Write out every entry exactly; the pictures do not belong in the copy.

(Saved data entries)

* * * *

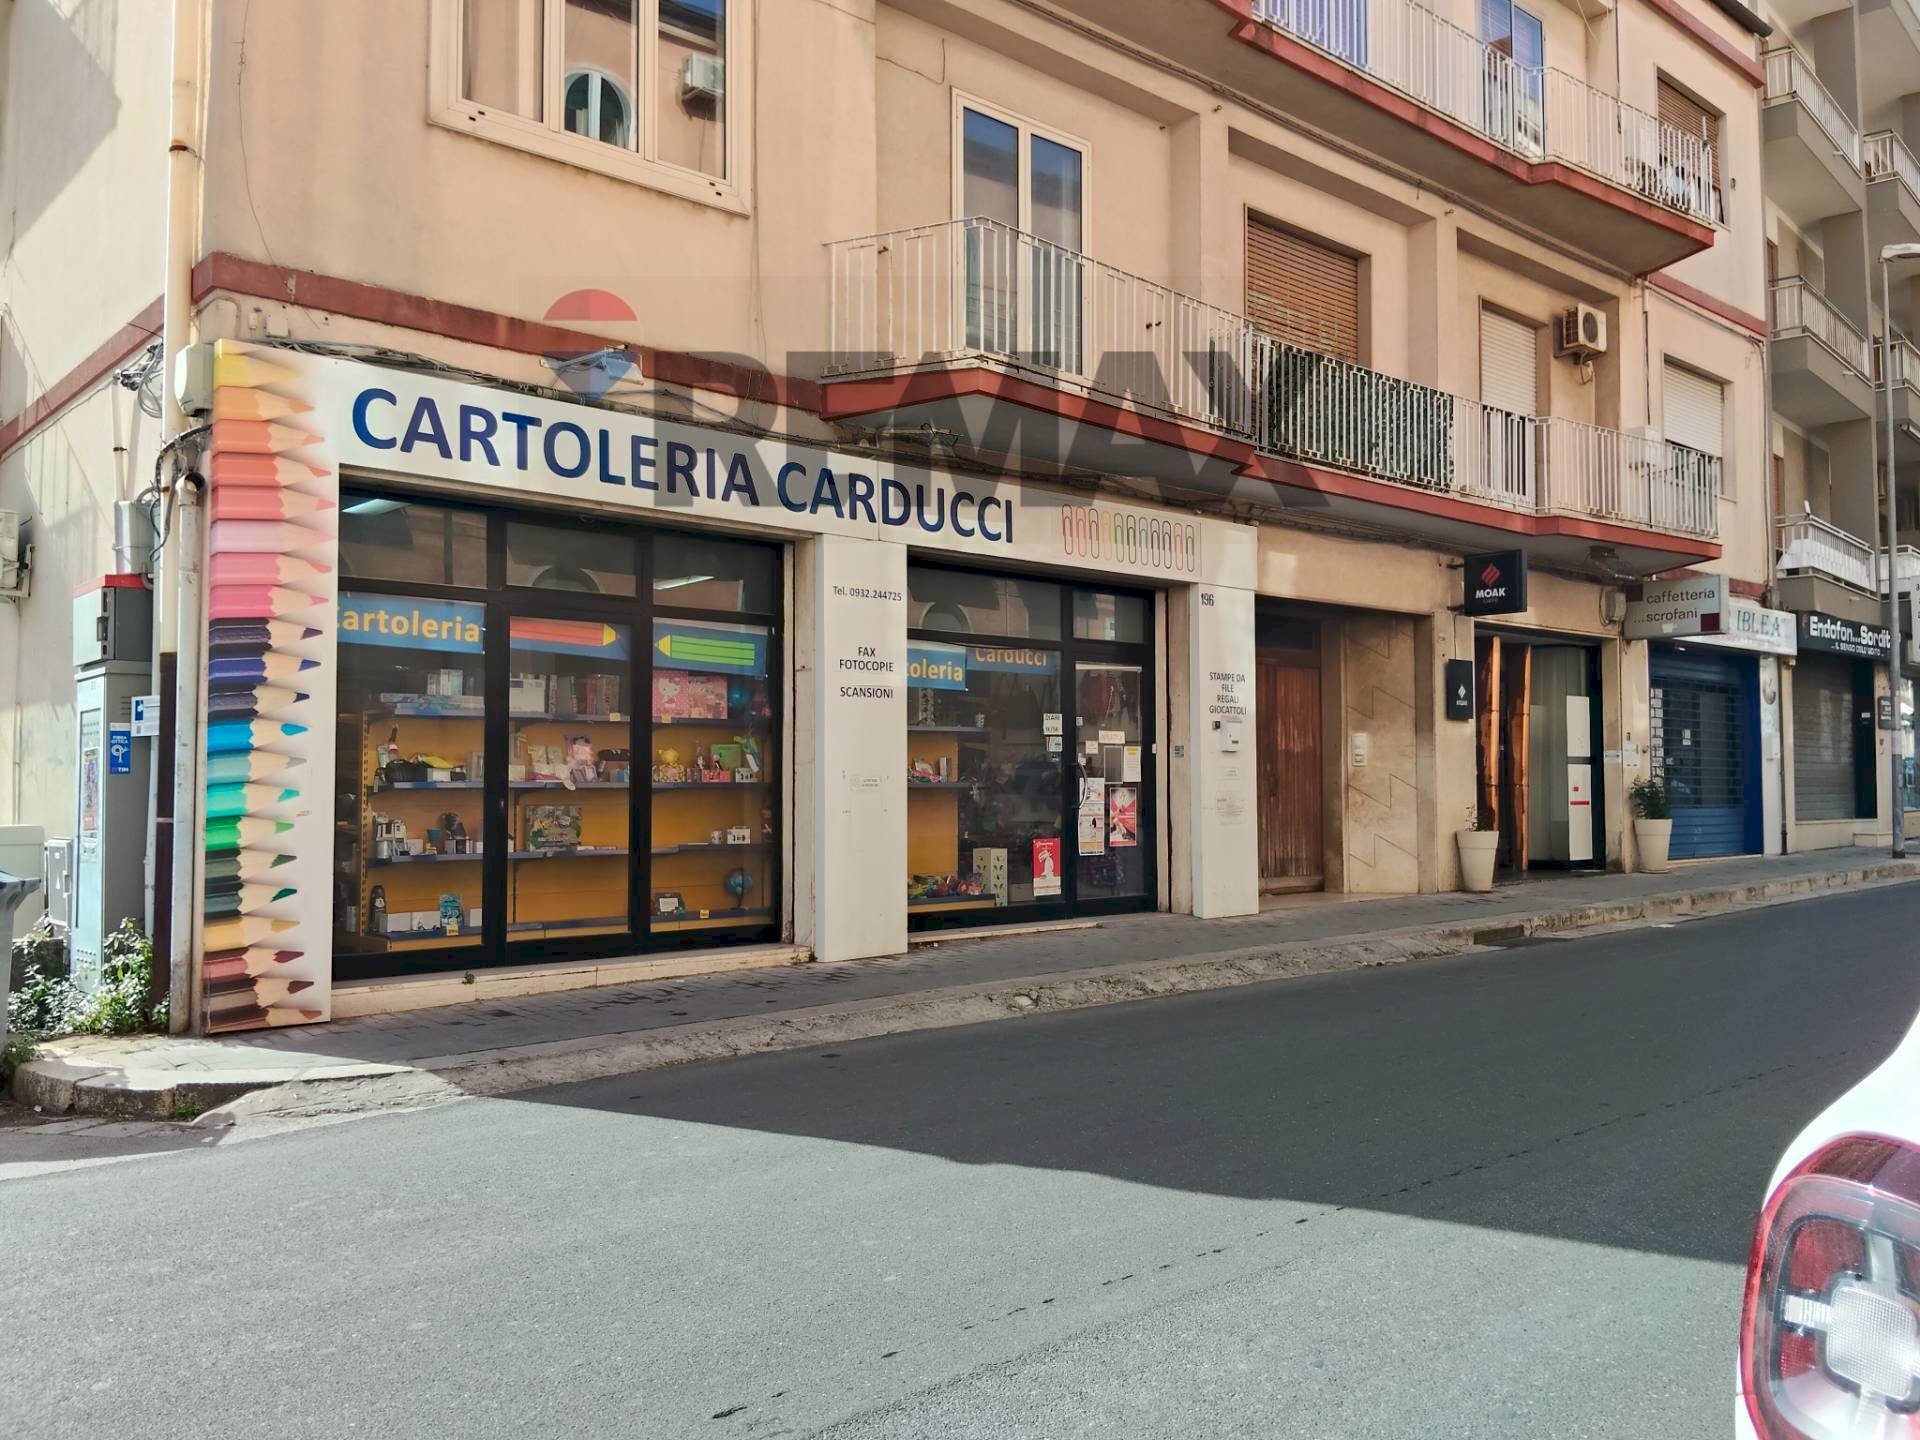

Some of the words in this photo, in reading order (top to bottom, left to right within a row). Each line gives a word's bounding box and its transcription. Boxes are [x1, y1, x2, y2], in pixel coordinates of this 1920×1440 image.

[352, 387, 760, 506] CARTOLERIA
[776, 461, 1013, 544] CARDUCCI
[833, 585, 848, 596] Tel.
[849, 587, 902, 602] 0932.244725
[1200, 592, 1215, 606] 196
[1475, 587, 1506, 599] MOAK
[1646, 588, 1715, 604] caffetteria
[337, 608, 479, 642] artoleria
[1737, 609, 1781, 637] IBLEA
[858, 646, 876, 658] FAX
[839, 659, 894, 672] FOTOCOPIE
[906, 658, 963, 681] oleria
[1209, 671, 1235, 682] STAMPE
[1236, 673, 1246, 682] DA
[840, 686, 894, 699] SCANSIONI
[1221, 683, 1234, 693] FILE
[1216, 694, 1239, 704] REGALI
[1209, 705, 1246, 715] GIOCATTOLI

* * * *

● Answer to the problem:
Some of the words in this photo, in reading order (top to bottom, left to right within a row). Each line gives a word's bounding box and its transcription. Boxes are [x1, y1, x2, y2], in pixel coordinates of this 1920×1440 image.

[352, 387, 760, 506] CARTOLERIA
[776, 461, 1013, 544] CARDUCCI
[833, 585, 848, 596] Tel.
[849, 587, 902, 602] 0932.244725
[1200, 592, 1215, 606] 196
[1475, 587, 1506, 599] MOAK
[1646, 588, 1715, 604] caffetteria
[337, 608, 479, 642] artoleria
[1737, 609, 1781, 637] IBLEA
[858, 646, 876, 658] FAX
[839, 659, 894, 672] FOTOCOPIE
[906, 658, 963, 681] oleria
[1209, 671, 1235, 682] STAMPE
[1236, 673, 1246, 682] DA
[840, 686, 894, 699] SCANSIONI
[1221, 683, 1234, 693] FILE
[1216, 694, 1239, 704] REGALI
[1209, 705, 1246, 715] GIOCATTOLI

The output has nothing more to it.